**PROBLEM DESCRIPTION**
From the first line to the last, copy the listing exactly and omit the pictures.
● ● ● ●
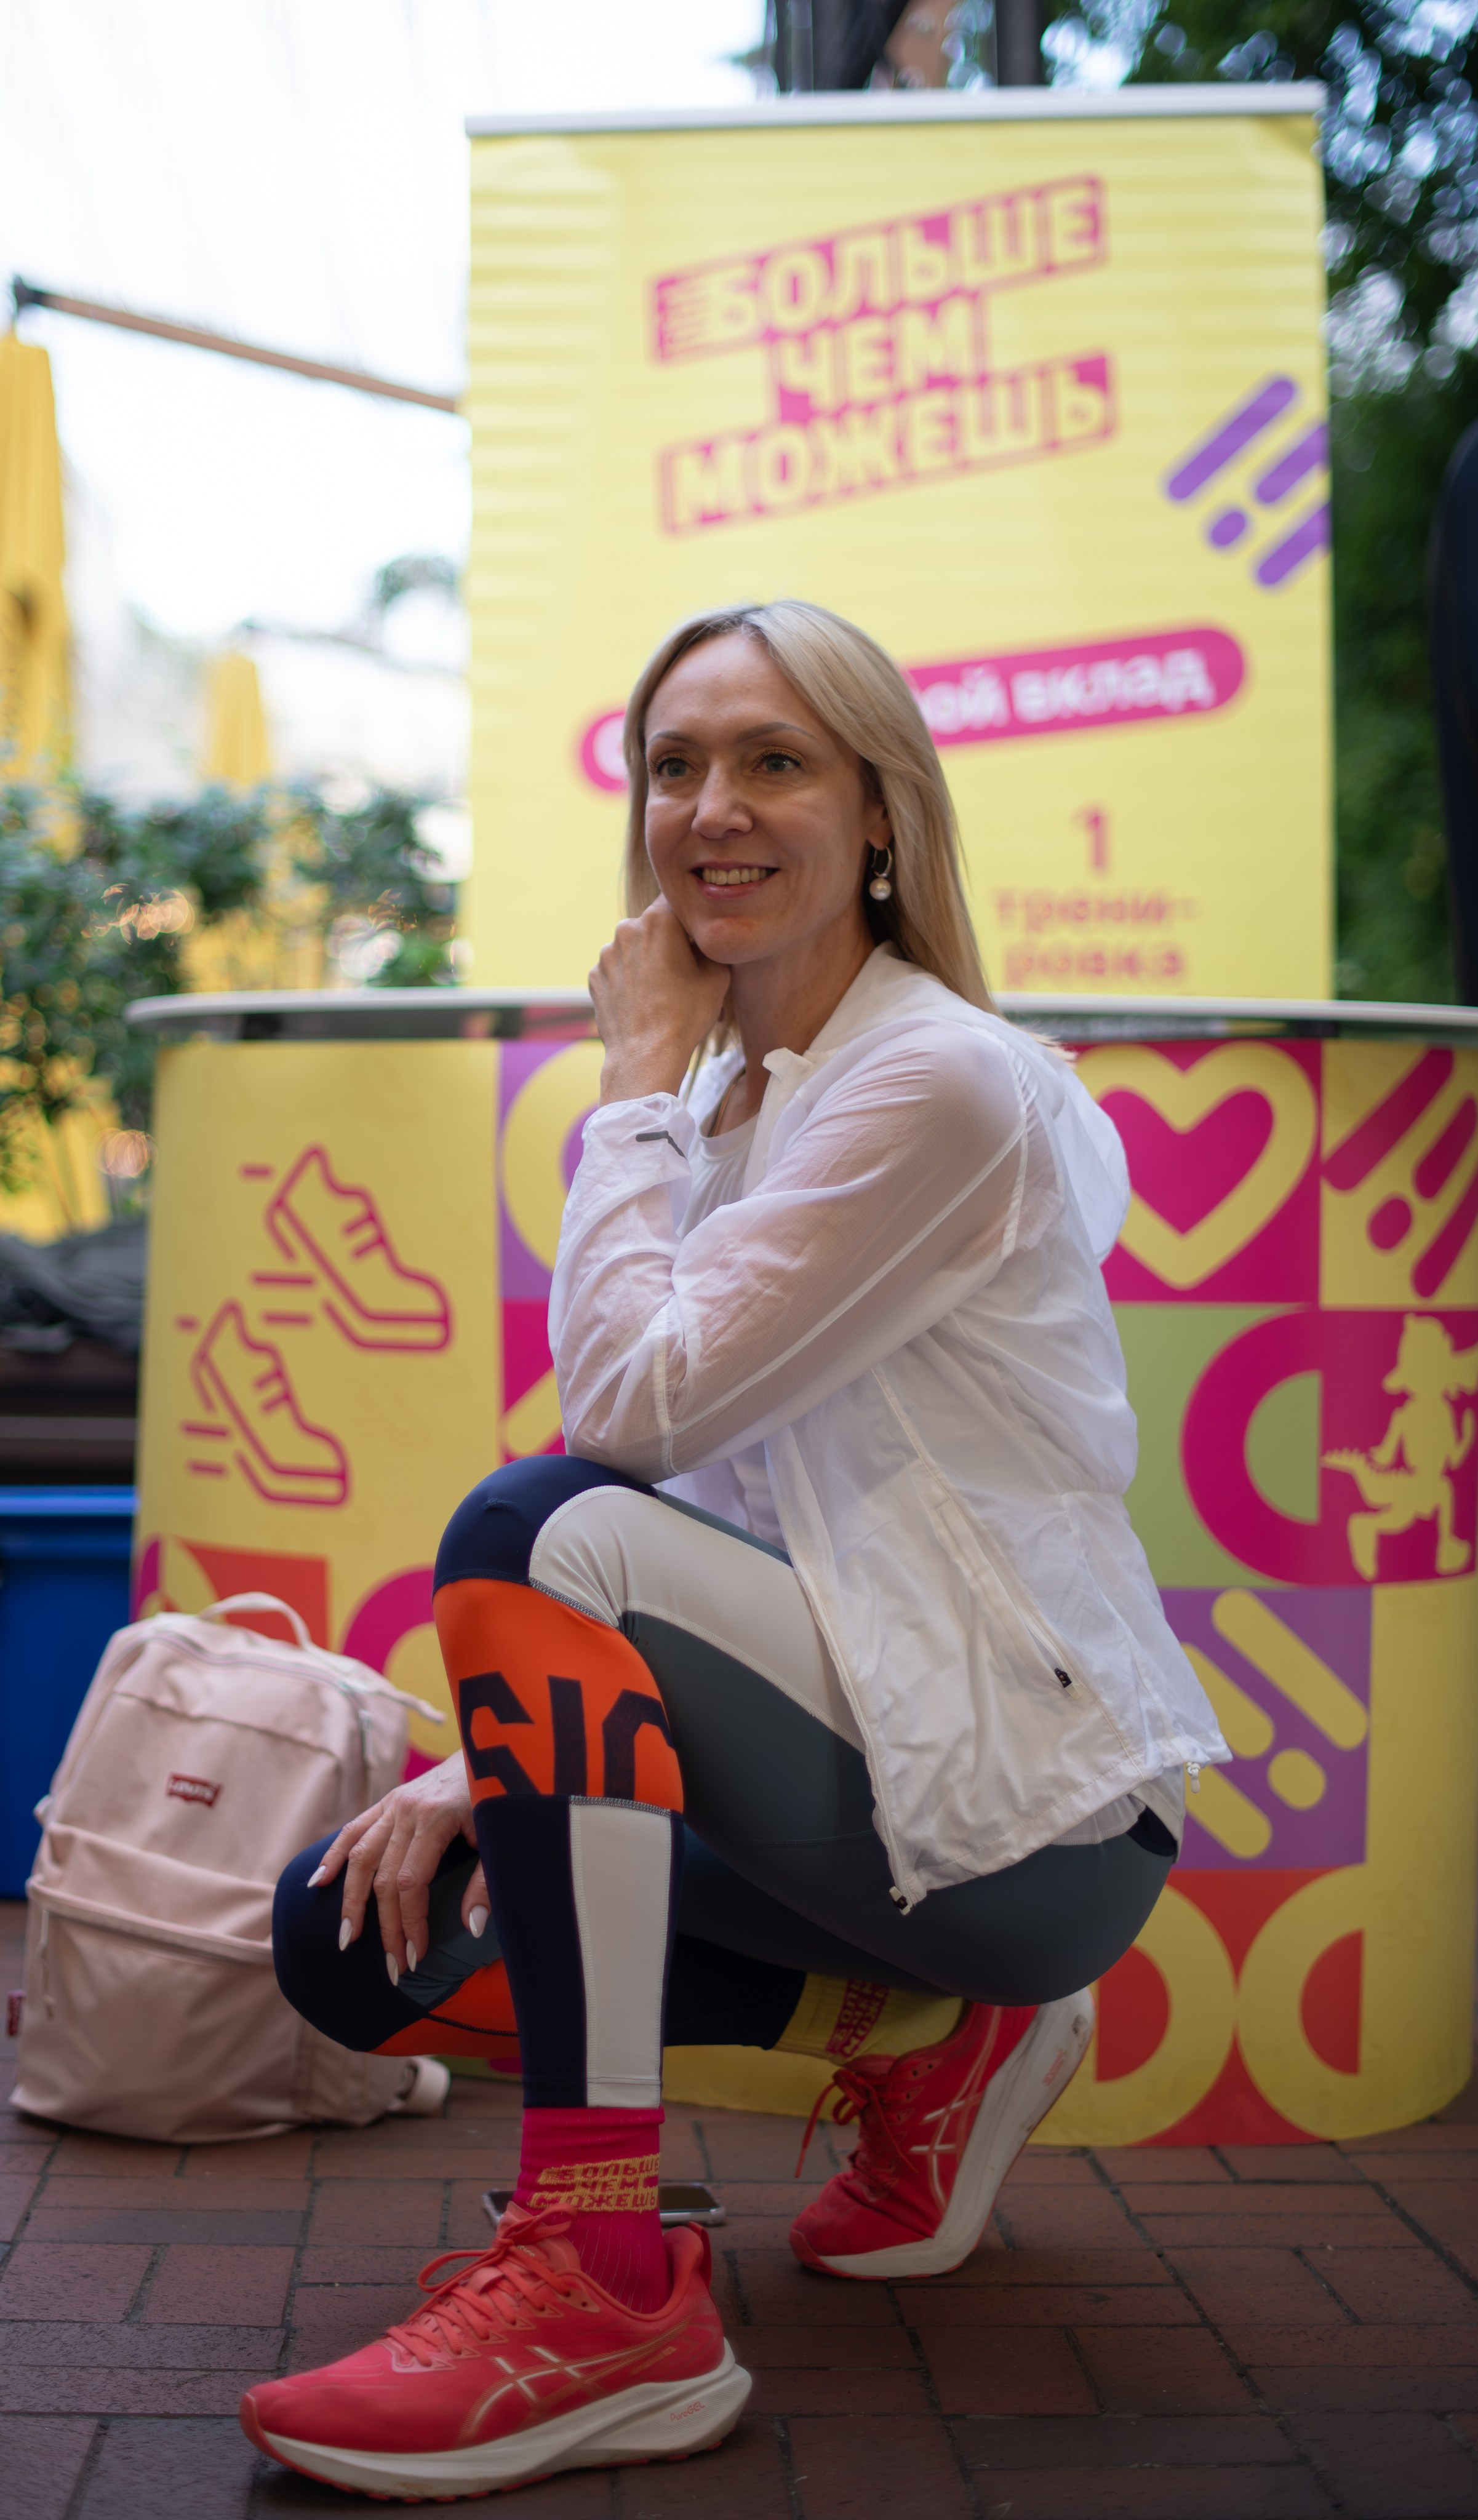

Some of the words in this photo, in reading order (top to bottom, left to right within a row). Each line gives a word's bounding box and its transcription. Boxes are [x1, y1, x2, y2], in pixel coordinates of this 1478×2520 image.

[677, 185, 1100, 337] БОЛЬШЕ
[779, 299, 977, 406] ЧЕМ
[672, 365, 1108, 522] МОЖЕШЬ
[1012, 648, 1215, 723] вклад
[1073, 802, 1111, 872] 1
[1005, 944, 1185, 989] ровка
[669, 2401, 706, 2422] PureGEL
● ● ● ●
**TASK RESPONSE**
Some of the words in this photo, in reading order (top to bottom, left to right within a row). Each line gives a word's bounding box and its transcription. Boxes are [x1, y1, x2, y2], in pixel coordinates of this 1478×2520 image.

[677, 185, 1100, 337] БОЛЬШЕ
[779, 299, 977, 406] ЧЕМ
[672, 365, 1108, 522] МОЖЕШЬ
[1012, 648, 1215, 723] вклад
[1073, 802, 1111, 872] 1
[1005, 944, 1185, 989] ровка
[669, 2401, 706, 2422] PureGEL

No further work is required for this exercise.